**PROBLEM**
Exactly the lines from the one with "this 1280×1280 image." through the final line of the listing below should appear in the answer, and no others.

**MATERIAL SHOWN**
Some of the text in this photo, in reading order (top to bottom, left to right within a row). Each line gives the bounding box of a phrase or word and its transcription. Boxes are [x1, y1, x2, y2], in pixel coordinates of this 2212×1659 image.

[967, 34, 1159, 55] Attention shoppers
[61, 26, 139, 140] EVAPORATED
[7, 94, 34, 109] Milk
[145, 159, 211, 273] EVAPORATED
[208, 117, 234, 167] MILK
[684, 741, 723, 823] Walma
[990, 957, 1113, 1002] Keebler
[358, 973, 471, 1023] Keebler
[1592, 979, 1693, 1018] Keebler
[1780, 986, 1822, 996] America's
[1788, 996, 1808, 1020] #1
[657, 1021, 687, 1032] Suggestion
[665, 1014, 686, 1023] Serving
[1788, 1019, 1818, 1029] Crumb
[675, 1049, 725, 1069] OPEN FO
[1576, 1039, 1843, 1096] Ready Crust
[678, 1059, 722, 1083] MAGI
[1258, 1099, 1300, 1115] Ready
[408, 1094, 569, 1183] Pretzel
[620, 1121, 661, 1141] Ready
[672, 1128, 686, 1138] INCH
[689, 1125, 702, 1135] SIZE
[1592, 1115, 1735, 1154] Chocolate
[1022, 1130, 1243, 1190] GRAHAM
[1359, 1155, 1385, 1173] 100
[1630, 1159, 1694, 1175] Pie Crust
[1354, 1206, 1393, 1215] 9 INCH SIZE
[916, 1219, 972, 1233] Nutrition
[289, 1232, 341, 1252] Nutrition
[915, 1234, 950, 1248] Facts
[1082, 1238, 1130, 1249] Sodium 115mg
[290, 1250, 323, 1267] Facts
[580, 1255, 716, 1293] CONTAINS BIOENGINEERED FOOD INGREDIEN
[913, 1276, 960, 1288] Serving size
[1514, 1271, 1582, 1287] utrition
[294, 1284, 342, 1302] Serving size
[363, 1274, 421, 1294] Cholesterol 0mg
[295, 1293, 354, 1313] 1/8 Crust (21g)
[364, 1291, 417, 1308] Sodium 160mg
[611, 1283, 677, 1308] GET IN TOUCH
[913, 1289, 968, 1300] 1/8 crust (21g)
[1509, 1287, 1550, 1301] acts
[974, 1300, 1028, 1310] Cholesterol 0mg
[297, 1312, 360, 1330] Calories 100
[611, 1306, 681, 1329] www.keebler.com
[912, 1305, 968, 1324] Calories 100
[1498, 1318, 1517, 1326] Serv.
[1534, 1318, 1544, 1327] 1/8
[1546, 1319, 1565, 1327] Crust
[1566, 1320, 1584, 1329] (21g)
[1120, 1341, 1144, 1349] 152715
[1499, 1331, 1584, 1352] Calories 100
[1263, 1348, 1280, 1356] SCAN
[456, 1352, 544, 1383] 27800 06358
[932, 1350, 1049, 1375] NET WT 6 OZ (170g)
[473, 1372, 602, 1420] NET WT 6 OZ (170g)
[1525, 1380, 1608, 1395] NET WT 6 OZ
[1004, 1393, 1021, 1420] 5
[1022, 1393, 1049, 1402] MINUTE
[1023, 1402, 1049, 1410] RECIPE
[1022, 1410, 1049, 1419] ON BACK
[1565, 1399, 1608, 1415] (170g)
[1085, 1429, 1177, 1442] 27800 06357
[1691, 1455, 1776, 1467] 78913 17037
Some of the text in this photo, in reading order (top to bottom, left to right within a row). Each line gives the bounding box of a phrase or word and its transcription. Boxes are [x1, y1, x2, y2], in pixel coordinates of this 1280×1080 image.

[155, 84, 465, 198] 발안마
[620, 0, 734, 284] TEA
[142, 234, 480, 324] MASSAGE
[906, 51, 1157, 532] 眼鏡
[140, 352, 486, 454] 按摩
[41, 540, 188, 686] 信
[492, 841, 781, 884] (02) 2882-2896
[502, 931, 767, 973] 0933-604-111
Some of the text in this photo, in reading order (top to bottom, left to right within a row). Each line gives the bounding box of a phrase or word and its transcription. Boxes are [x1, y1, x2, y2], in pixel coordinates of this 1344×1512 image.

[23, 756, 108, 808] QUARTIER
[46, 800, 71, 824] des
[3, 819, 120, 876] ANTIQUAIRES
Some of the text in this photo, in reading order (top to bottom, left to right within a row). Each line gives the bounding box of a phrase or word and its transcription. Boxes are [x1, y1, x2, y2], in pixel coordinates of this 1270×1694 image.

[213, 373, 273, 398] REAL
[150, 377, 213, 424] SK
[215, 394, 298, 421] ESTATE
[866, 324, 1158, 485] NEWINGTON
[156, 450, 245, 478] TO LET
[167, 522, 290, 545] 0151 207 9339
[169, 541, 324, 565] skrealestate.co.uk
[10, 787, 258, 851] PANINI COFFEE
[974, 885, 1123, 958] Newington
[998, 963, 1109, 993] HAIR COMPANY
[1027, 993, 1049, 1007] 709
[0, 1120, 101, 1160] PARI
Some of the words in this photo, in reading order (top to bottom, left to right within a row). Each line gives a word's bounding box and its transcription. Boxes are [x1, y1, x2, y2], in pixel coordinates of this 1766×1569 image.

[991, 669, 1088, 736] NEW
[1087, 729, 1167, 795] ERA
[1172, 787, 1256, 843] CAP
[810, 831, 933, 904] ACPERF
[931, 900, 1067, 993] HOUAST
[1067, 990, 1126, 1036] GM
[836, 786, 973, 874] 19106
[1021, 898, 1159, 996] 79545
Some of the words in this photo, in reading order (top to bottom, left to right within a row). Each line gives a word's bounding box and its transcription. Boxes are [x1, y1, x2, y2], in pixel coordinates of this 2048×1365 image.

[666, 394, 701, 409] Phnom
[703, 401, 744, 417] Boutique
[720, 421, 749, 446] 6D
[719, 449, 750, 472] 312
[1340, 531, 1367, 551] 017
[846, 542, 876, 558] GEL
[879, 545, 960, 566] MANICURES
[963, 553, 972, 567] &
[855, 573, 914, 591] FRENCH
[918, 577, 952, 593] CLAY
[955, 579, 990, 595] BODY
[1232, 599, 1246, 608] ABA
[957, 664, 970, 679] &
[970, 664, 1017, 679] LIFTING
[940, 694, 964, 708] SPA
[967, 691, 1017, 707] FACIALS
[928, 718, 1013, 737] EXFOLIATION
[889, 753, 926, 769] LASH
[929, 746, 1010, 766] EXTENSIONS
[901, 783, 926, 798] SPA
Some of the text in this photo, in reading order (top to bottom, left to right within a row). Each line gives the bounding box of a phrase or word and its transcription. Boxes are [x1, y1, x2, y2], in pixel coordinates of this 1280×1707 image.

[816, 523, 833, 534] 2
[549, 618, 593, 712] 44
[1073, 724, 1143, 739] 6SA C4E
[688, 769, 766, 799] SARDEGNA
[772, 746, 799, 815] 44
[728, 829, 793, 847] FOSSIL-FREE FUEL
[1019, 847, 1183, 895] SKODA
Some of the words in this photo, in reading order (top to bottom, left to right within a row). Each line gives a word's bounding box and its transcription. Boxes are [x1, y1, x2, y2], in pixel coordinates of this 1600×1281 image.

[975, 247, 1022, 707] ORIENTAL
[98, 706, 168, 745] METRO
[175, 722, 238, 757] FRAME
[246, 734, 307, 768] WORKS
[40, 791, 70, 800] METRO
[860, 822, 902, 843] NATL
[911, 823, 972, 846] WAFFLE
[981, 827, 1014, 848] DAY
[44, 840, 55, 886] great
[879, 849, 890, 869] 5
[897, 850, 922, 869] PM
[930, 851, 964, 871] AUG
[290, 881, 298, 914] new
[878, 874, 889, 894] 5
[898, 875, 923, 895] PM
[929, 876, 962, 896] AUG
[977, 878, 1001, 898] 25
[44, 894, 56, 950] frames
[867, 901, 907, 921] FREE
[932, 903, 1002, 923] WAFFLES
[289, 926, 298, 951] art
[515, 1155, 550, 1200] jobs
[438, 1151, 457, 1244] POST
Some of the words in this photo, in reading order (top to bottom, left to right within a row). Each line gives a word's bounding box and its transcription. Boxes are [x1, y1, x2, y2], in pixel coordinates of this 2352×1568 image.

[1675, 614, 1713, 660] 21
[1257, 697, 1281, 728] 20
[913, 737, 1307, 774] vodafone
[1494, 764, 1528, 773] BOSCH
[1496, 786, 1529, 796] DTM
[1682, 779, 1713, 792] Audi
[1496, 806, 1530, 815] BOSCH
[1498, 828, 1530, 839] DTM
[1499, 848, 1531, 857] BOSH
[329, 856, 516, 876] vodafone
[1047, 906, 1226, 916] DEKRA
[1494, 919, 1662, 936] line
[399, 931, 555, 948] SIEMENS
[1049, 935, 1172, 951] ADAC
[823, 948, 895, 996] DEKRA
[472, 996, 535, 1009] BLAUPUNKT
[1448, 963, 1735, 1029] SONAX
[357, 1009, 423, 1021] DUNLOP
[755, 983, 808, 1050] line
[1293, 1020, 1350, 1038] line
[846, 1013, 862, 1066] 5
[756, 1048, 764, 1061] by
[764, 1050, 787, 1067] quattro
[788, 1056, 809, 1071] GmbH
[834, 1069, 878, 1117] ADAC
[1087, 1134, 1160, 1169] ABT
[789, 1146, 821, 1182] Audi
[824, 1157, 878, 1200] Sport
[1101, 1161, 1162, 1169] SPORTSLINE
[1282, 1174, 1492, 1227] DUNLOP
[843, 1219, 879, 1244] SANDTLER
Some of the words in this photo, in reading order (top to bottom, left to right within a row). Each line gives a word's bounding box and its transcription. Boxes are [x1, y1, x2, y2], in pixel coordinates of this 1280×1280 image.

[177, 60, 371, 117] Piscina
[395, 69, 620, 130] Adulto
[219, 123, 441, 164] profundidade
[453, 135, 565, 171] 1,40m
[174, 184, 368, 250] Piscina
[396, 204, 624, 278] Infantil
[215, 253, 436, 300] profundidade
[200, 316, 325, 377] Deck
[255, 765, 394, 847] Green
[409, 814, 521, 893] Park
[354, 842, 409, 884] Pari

**TASK RESULT**
Some of the words in this photo, in reading order (top to bottom, left to right within a row). Each line gives a word's bounding box and its transcription. Boxes are [x1, y1, x2, y2], in pixel coordinates of this 1280×1280 image.

[177, 60, 371, 117] Piscina
[395, 69, 620, 130] Adulto
[219, 123, 441, 164] profundidade
[453, 135, 565, 171] 1,40m
[174, 184, 368, 250] Piscina
[396, 204, 624, 278] Infantil
[215, 253, 436, 300] profundidade
[200, 316, 325, 377] Deck
[255, 765, 394, 847] Green
[409, 814, 521, 893] Park
[354, 842, 409, 884] Pari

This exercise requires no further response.